ORA-04036: PGA memory used by the instance exceeds PGA_AGGREGATE_LIMIT

This exception can be avoided by specifying how frequent Oracle switches redo logs or how long the Debezium Oracle connector is allowed to re-use the mining session. The Debezium Oracle connector provides a configuration option,log.mining.session.max.ms, which controls how long the current Oracle LogMiner session can be re-used for before being closed and a new session started. This allows the database resources to be kept in-check without exceeding the PGA memory allowed by the database.

What’s the cause for ORA-01882 and how to handle it?

The Debezium Oracle connector may report the following exception when connecting to an Oracle database:

ORA-01882: timezone region not found

This happens when the timezone information cannot be correctly resolved by the JDBC driver. In order to solve this driver related problem, the driver needs to be told to not resolve the timezone details using regions. This can be done by specifying a driver pass through property usingdriver.oracle.jdbc.timezoneAsRegion=false.

What’s the cause for ORA-25191 and how to handle it?

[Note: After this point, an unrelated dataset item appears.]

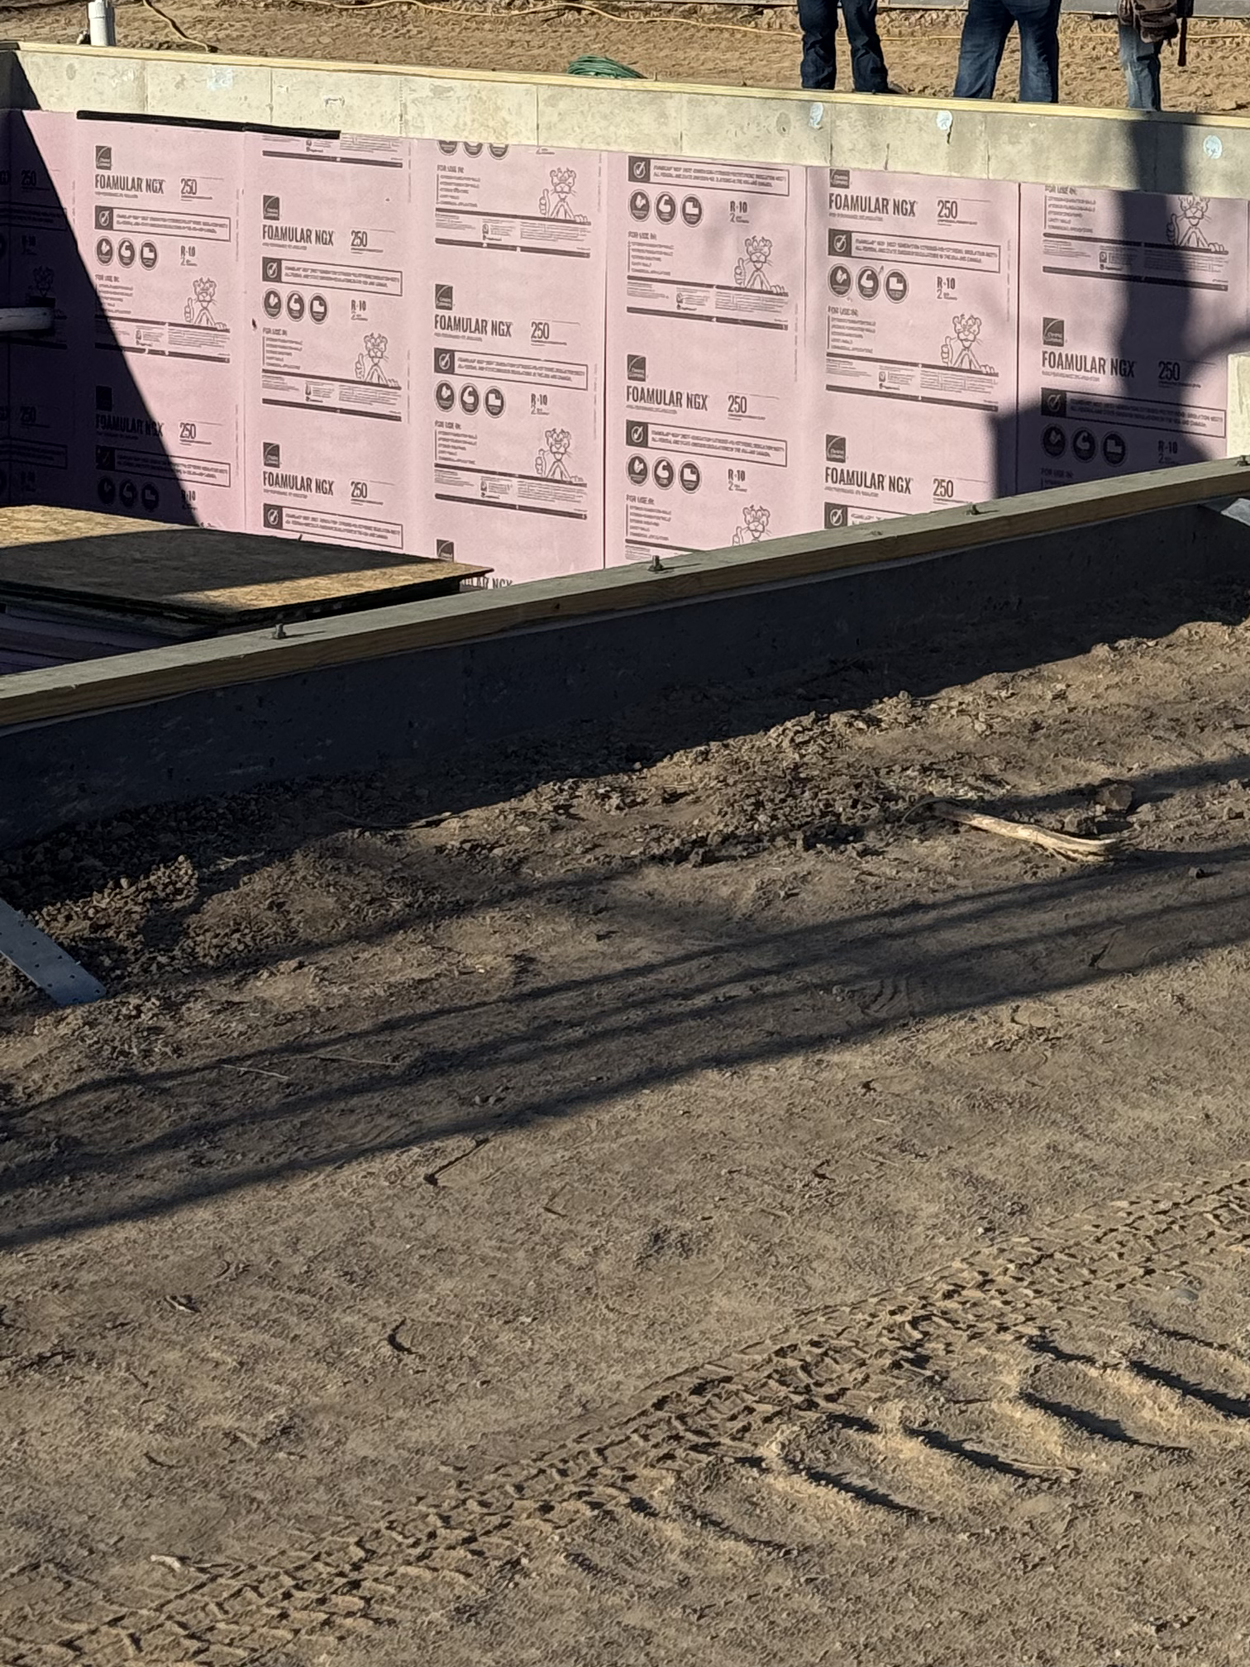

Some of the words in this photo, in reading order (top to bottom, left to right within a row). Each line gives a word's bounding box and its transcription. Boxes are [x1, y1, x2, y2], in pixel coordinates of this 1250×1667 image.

The Debezium Oracle connector automatically ignores index-organized tables (IOT) as they are not supported by Oracle LogMiner. However, if an ORA-25191 exception is thrown, this could be due to a unique corner case for such a mapping and the additional rules may be necessary to exclude these automatically. An example of an ORA-25191 exception might look like this:

ORA-25191: cannot reference overflow table of an index-organized table

如果一个ora - 25191异常,请提出a Jira issue with the details about the table and it’s mappings, related to other parent tables, etc. As a workaround, the include/exclude configuration options can be adjusted to prevent the connector from accessing such tables.